自民党の次世代のリーダーらしいな、と思った方もおられるかもしれないが、常識で考えれば、まことに異様・珍妙な光景である。ひとりの政治家が、相手がタレントとはいえ「出来ちゃった婚」の報告で官邸をおとずれ、官房長官と総理大臣にその報告をして、おおいに祝福されたというのだ。しかもマスコミが国民的な関心をあおり、全国放映するという異様な光景だ。かれは特別な階級に属する、国民が注目するべき貴人なのだろうか? 小泉進次郎は国会議員とはいえ、ふつうの国民ではないのか?
いや、かれはふつうの国民ではない。上級国民なのだから──。
今回のパフォーマンスには、小泉進次郎がこれまで石破茂を総理候補として支持してきた(地方・農業政策は石破茂と一致している)ことから、安倍総理への宗旨替えを表明させたものと見られている。いうまでもなく、それをさせたのは菅官房長官であるが、今回はそれに触れるのは禁欲しておこう。

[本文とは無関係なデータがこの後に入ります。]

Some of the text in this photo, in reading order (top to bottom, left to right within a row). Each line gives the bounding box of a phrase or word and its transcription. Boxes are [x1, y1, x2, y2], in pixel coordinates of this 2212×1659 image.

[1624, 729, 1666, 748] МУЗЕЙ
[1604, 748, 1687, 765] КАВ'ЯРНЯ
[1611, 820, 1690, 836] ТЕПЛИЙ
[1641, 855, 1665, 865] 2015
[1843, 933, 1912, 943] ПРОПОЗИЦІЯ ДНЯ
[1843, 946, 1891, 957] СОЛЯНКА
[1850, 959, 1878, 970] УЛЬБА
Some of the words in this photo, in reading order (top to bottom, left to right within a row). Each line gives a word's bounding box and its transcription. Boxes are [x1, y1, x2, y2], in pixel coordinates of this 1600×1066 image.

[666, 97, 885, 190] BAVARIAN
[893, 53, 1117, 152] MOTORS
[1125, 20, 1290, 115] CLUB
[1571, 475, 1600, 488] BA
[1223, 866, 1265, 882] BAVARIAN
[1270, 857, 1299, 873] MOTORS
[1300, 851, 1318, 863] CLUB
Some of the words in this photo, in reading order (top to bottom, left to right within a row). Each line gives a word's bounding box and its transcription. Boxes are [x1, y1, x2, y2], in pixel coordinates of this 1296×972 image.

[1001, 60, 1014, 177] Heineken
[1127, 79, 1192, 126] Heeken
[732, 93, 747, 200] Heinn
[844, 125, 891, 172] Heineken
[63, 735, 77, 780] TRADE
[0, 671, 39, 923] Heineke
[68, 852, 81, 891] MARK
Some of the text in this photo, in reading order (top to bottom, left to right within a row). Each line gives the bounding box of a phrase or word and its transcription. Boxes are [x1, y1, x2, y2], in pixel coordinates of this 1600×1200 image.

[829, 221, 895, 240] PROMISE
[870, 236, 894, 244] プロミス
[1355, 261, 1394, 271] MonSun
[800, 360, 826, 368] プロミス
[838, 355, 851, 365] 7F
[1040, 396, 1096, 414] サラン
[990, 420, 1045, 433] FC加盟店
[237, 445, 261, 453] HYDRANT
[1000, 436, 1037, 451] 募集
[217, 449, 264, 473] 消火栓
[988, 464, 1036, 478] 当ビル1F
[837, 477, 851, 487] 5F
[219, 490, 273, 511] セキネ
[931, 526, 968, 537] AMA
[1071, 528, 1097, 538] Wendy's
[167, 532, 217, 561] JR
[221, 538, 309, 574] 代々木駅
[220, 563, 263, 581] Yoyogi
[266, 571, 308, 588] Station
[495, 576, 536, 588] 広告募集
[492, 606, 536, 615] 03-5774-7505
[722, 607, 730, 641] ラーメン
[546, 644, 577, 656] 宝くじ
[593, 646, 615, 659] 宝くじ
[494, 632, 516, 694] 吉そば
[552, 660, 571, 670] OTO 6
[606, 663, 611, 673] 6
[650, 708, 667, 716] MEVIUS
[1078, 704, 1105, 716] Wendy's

今回の「結婚」をだれもが祝福している、かのような報道もその報じ方の視点も、この国の異様さを顕している。とはいえ、だれもが「上級国民」というわけではないのだ。菅官房長官の「かれは入閣するのがいい」という発言に、猛反発が起きている。当り前だろう。特権者のように官邸を私物化し、下々の者はおおいに祝えというような演出に、反発が起きないわけがない。それは保守やリベラルを問わず、この国に定着しつつある「上級国民」への反発なのだ。あるニュースサイトは、以下のように伝えている。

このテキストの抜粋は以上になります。